Менее всего хочу быть многословным – помимо ликования я распознал смущённость за курьёзность кульминации. Я завоевал её вратарским мастерством…
В учебные года мне не доверяли ничего, кроме ворот. Динамика игры, борьбы, азарта наделяла меня мужеством, а мужество голкипера держалось на плечах, как по мерке сшитый, представительный мундир.
Я предъявлял себя на траекториях снаряда из синтетики – свирепого ядра, пущенного силой пушечных ударов. Модули мяча, вращаясь, походили на зубы, показавшиеся вследствие злорадного безудержного смеха. Я самоотверженно бросался под пинки. Если я хоть в чём-то состою из золота – то оно, вестимо, гравировано тем бурным, незабытым январём – днём его финала…

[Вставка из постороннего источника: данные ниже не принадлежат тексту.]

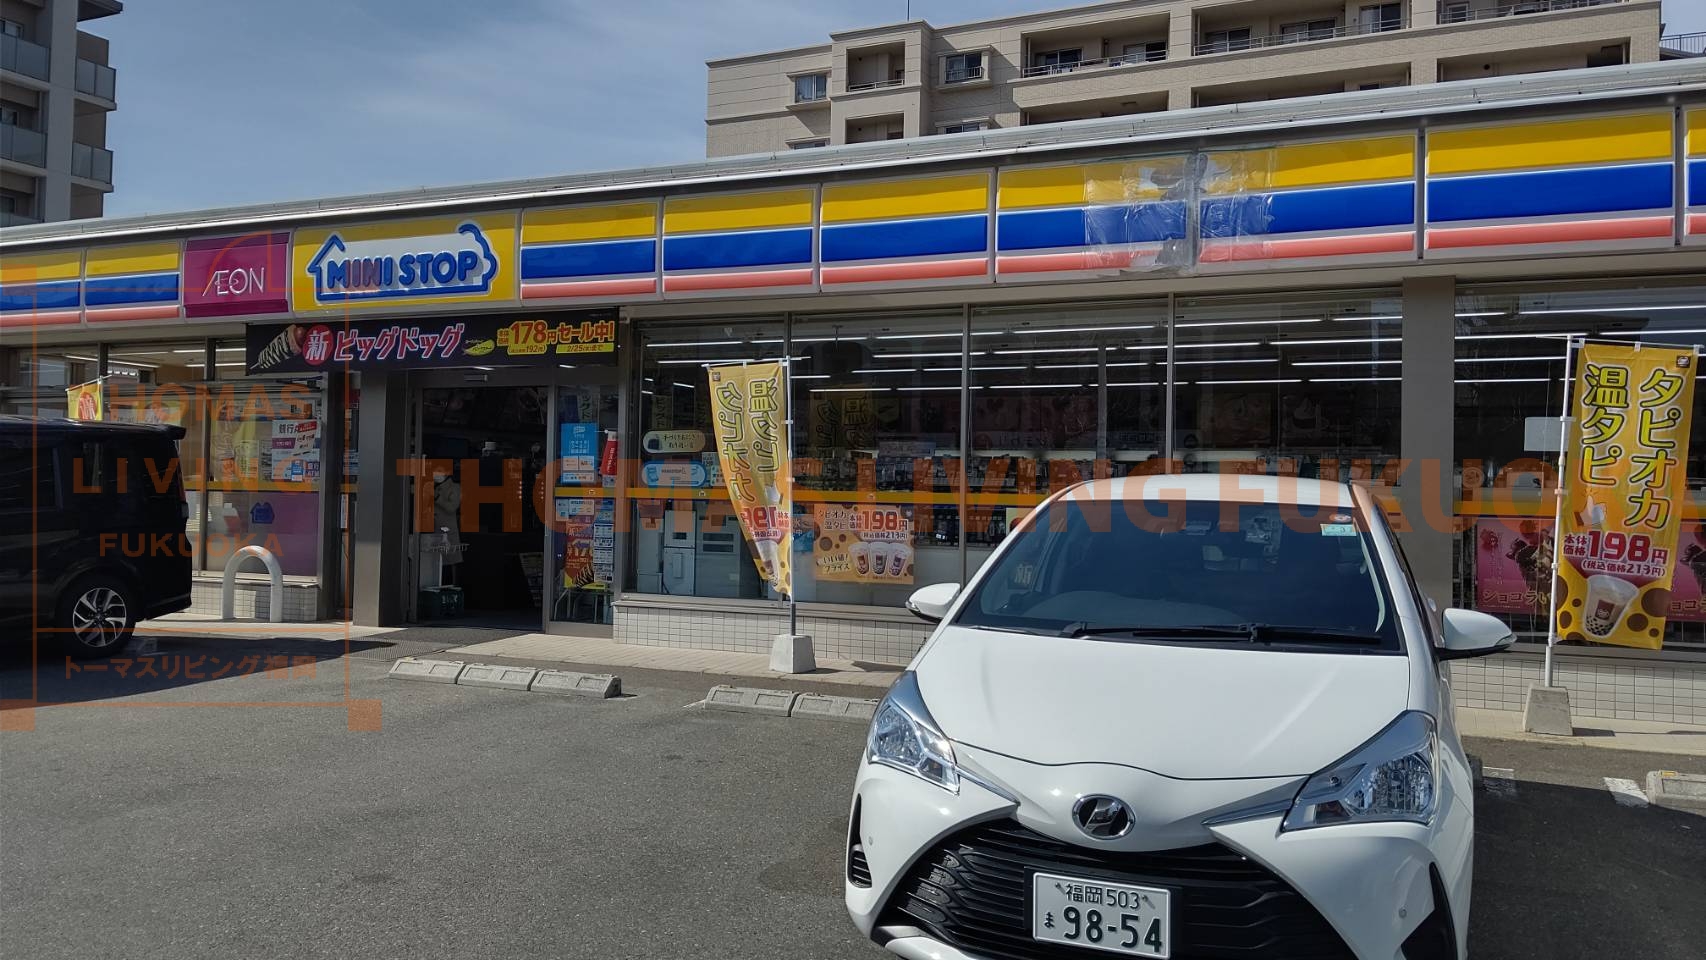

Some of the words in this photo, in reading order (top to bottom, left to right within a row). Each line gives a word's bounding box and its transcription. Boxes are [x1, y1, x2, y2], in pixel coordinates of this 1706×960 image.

[327, 257, 392, 289] MINI
[399, 250, 478, 285] STOP
[305, 330, 330, 361] 新
[334, 323, 465, 362] ビッグドッグ
[1581, 363, 1629, 486] 温タピ
[1624, 368, 1684, 529] タピオカ
[1563, 545, 1586, 556] 価格
[1564, 533, 1587, 544] 本体
[1587, 531, 1668, 565] 198円
[1581, 560, 1666, 576] (税込価格213円)
[1065, 884, 1103, 905] 福岡
[1106, 888, 1140, 910] 503
[1044, 912, 1055, 928] ま
[1063, 906, 1162, 953] 98-54

Фантастический футзал гремел моим триумфом полтора часа. Стены сотрясались, будто своды «Олимпийского». Адреналин разлился в венах чудотворным зельем, снабдившим на короткий срок безграничным фартом. Перехваты, ловли, выходы и сэйвы выверялись молниями бравых укрощающих движений. Я перетасовывал неистовство команд, вновь и вновь рвя звуки неудавшихся атак.
Мой великий матч… Я рублюсь в штрафной – снова изготовившись, выдёргиваю из пыхтящей массы мяч, скулящий в воздухе. Время замирало, и я видел обольстительную Иру, обращённую ко мне. К ней не пристал лишним ни один хрустальный диск из убегавшей полутьмы, и всяко изменялась геометрия у бликов, которыми блистала ослепительная кожа. Верх её груди сиял мягким электричеством, что обволокло то утро в зимнем зале.
Наверно, я тогда сошёл с ума… Я делал невозможное, а мяч липнул к ладоням. Я прижимал его, едва не плача, после падений и прыжков, благословлённых восхищёнными хлопками Ираиды.
Я пришёл домой, смутно ощущая себя маленьким на фоне бушевания эмоций. Эмоций, облеплявших мою личность и пока ещё не полностью слетевших с меня, как пушистые погоны после вьюги на снимаемой в коридоре шубе. Но громкость, напряжение, отчаянность – остались где-то там, где будто не сегодня я вытворял в её честь каждое спасение ворот.
Я был сосредоточен, как зализанный бандит, пожаловавший в церковь, чтоб покаяться. Так же не в своей тарелке: буйные повадки здесь подобны шилу, что приходится утаивать в мешке безвредной набожности. Нет, между мной и им не надо проводить прямую параллель. Мне-то было классно, однако… Я утаивал… Хотя опять влюбился, и опять – в неё.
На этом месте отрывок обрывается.